Write out every entry below exactly as it appears. Pictures do not belong in the copy.

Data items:
────────────────────────────────────────
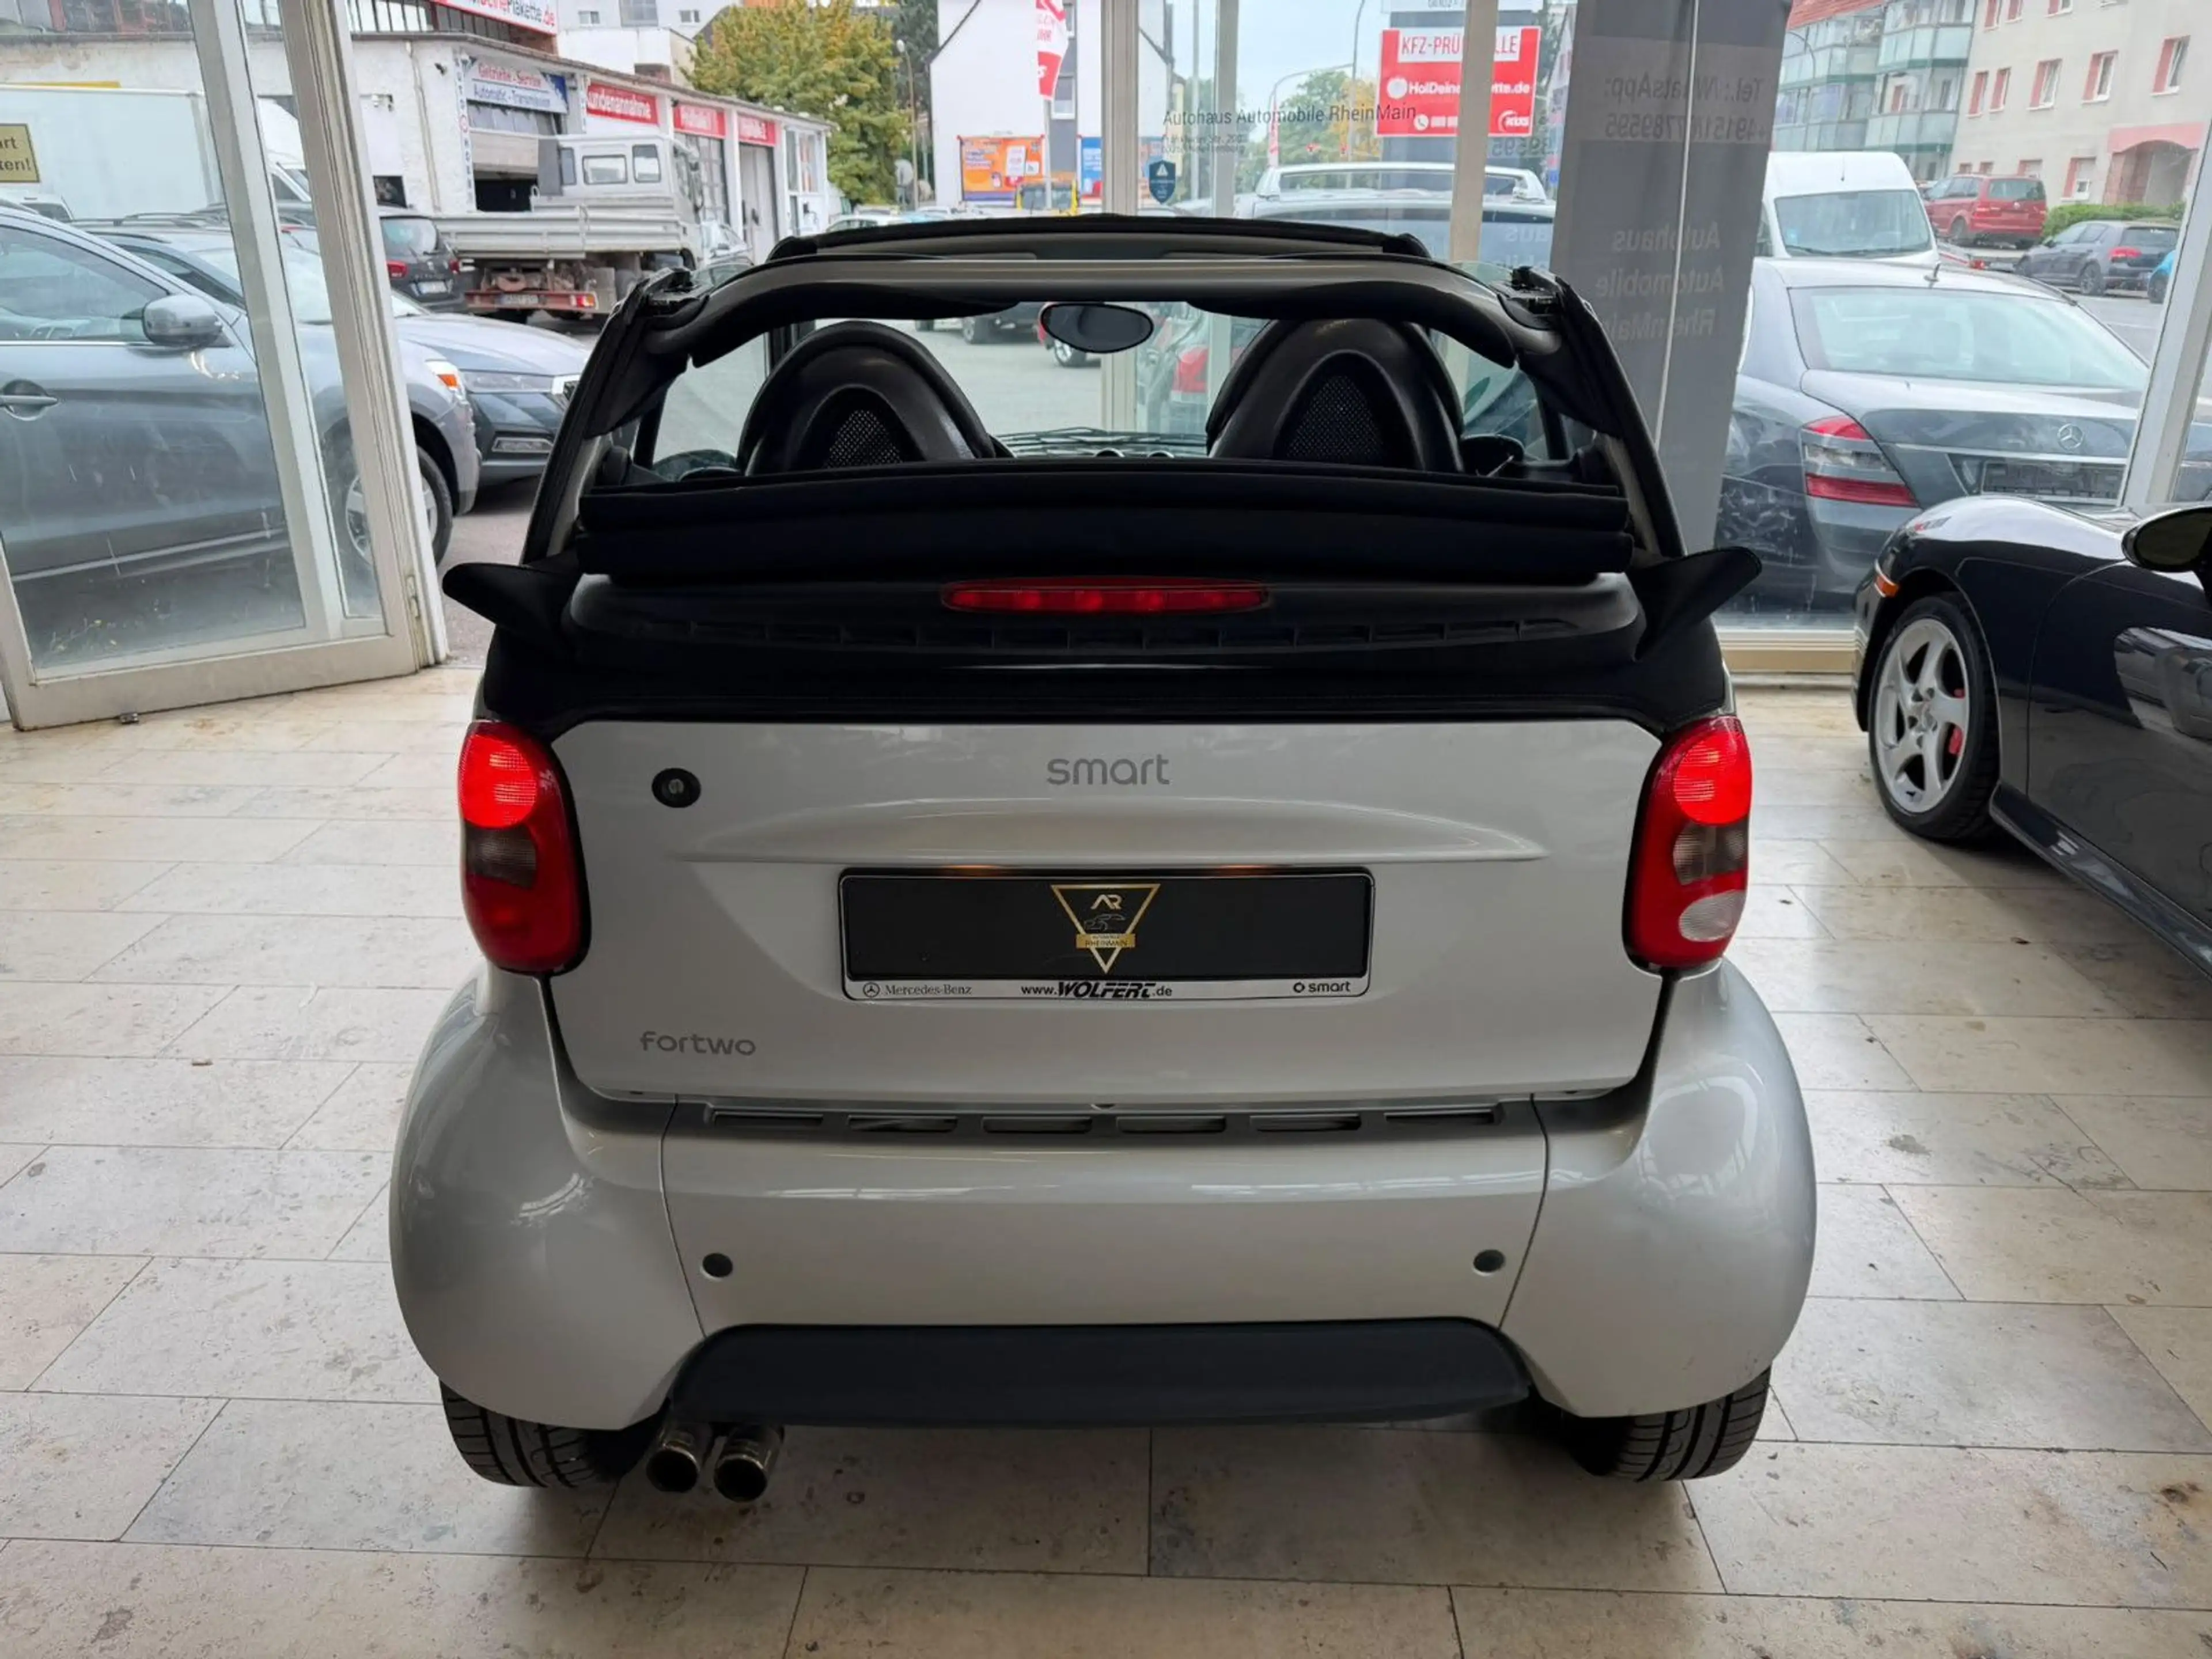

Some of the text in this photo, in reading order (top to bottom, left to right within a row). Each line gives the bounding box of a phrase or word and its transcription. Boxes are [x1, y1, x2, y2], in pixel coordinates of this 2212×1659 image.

[1162, 110, 1232, 126] Autohaus
[1236, 105, 1324, 124] Automobile
[1330, 102, 1416, 122] RheinMain
[1047, 753, 1170, 785] smart
[885, 981, 1351, 999] Mercedes-Benz www.WOLFERT.de smart
[639, 1031, 756, 1056] fortwo
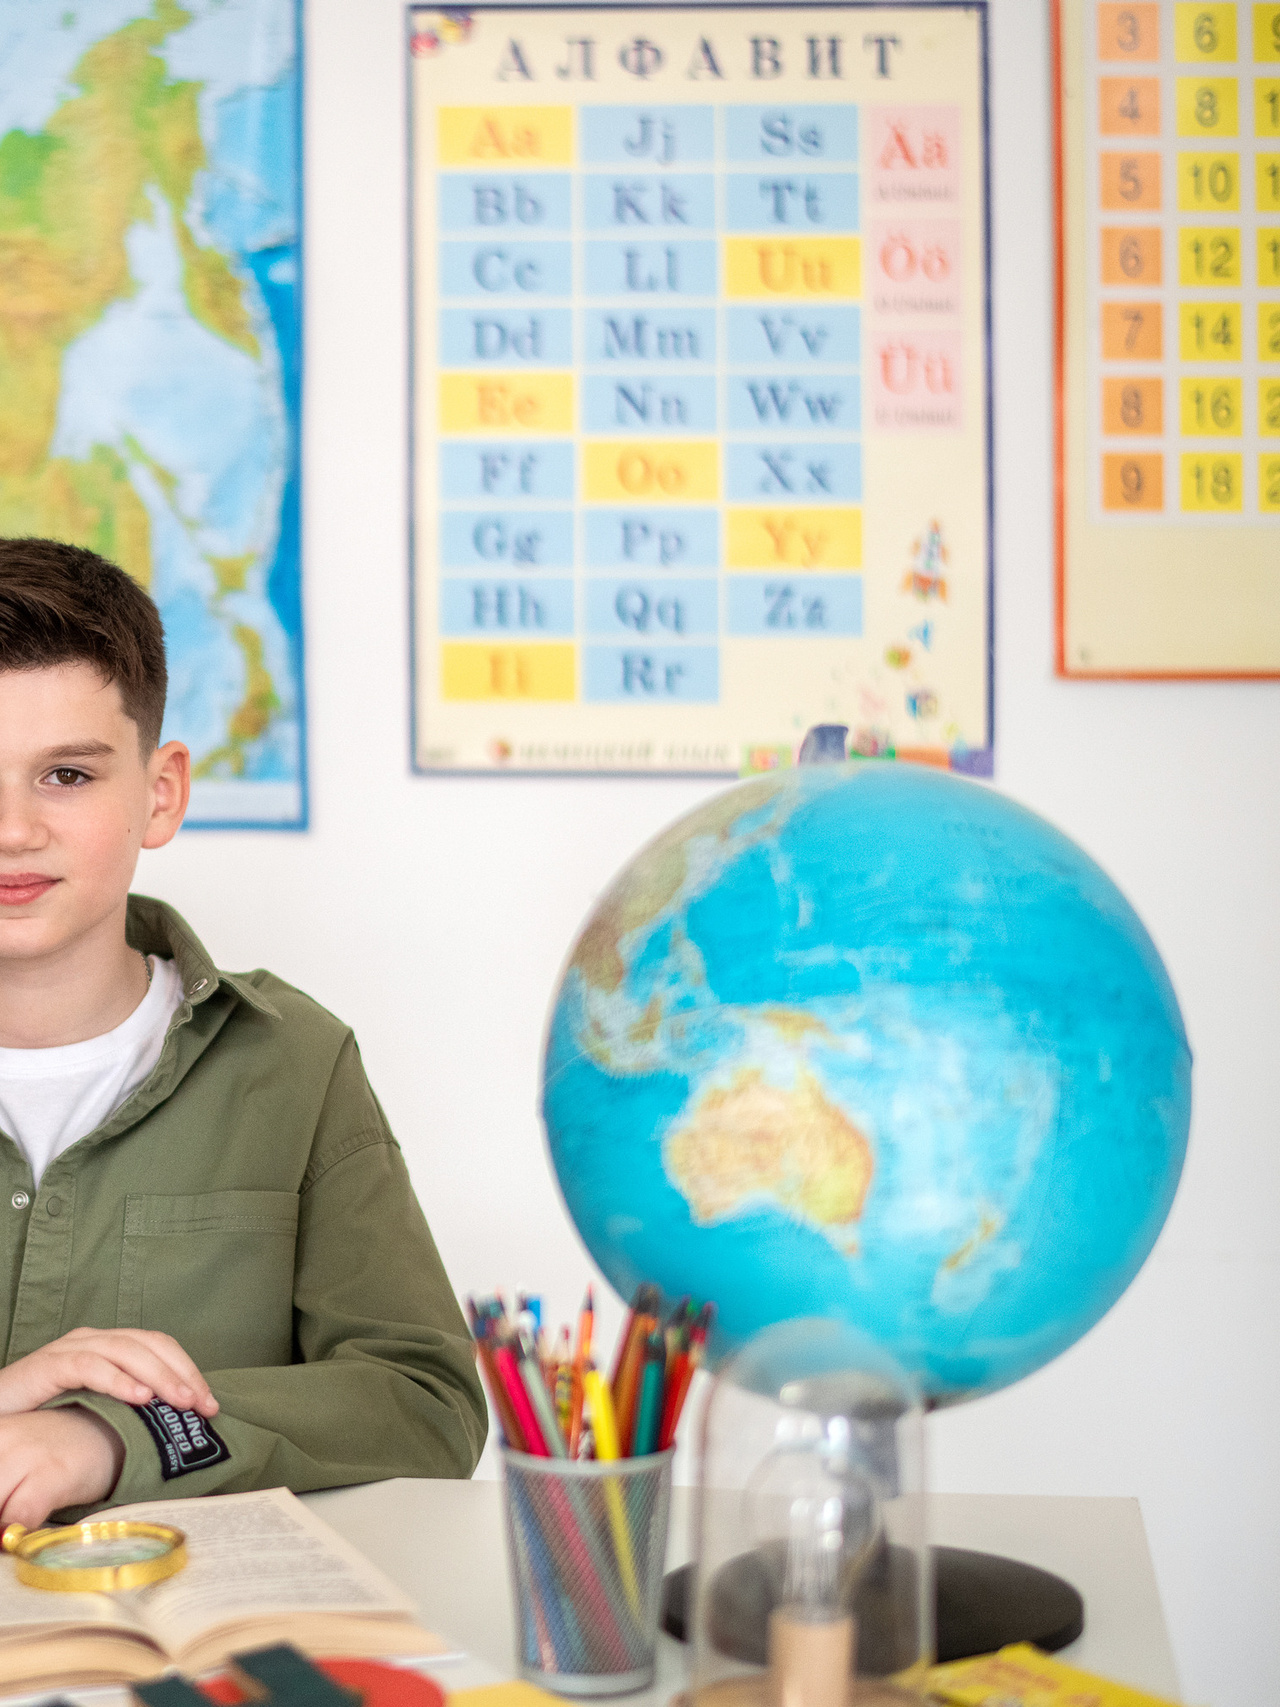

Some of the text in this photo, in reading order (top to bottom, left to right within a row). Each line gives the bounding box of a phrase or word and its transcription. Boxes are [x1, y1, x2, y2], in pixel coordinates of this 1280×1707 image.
────────────────────────────────────────
● Task output:
Some of the text in this photo, in reading order (top to bottom, left to right within a row). Each line gives the bounding box of a phrase or word and its transcription. Boxes are [x1, y1, x2, y2], in pixel coordinates of this 2212×1659 image.

[1162, 110, 1232, 126] Autohaus
[1236, 105, 1324, 124] Automobile
[1330, 102, 1416, 122] RheinMain
[1047, 753, 1170, 785] smart
[885, 981, 1351, 999] Mercedes-Benz www.WOLFERT.de smart
[639, 1031, 756, 1056] fortwo

Some of the text in this photo, in reading order (top to bottom, left to right within a row). Each line gives the bounding box of a phrase or word and its transcription. Boxes are [x1, y1, x2, y2], in pixel coordinates of this 1280×1707 image.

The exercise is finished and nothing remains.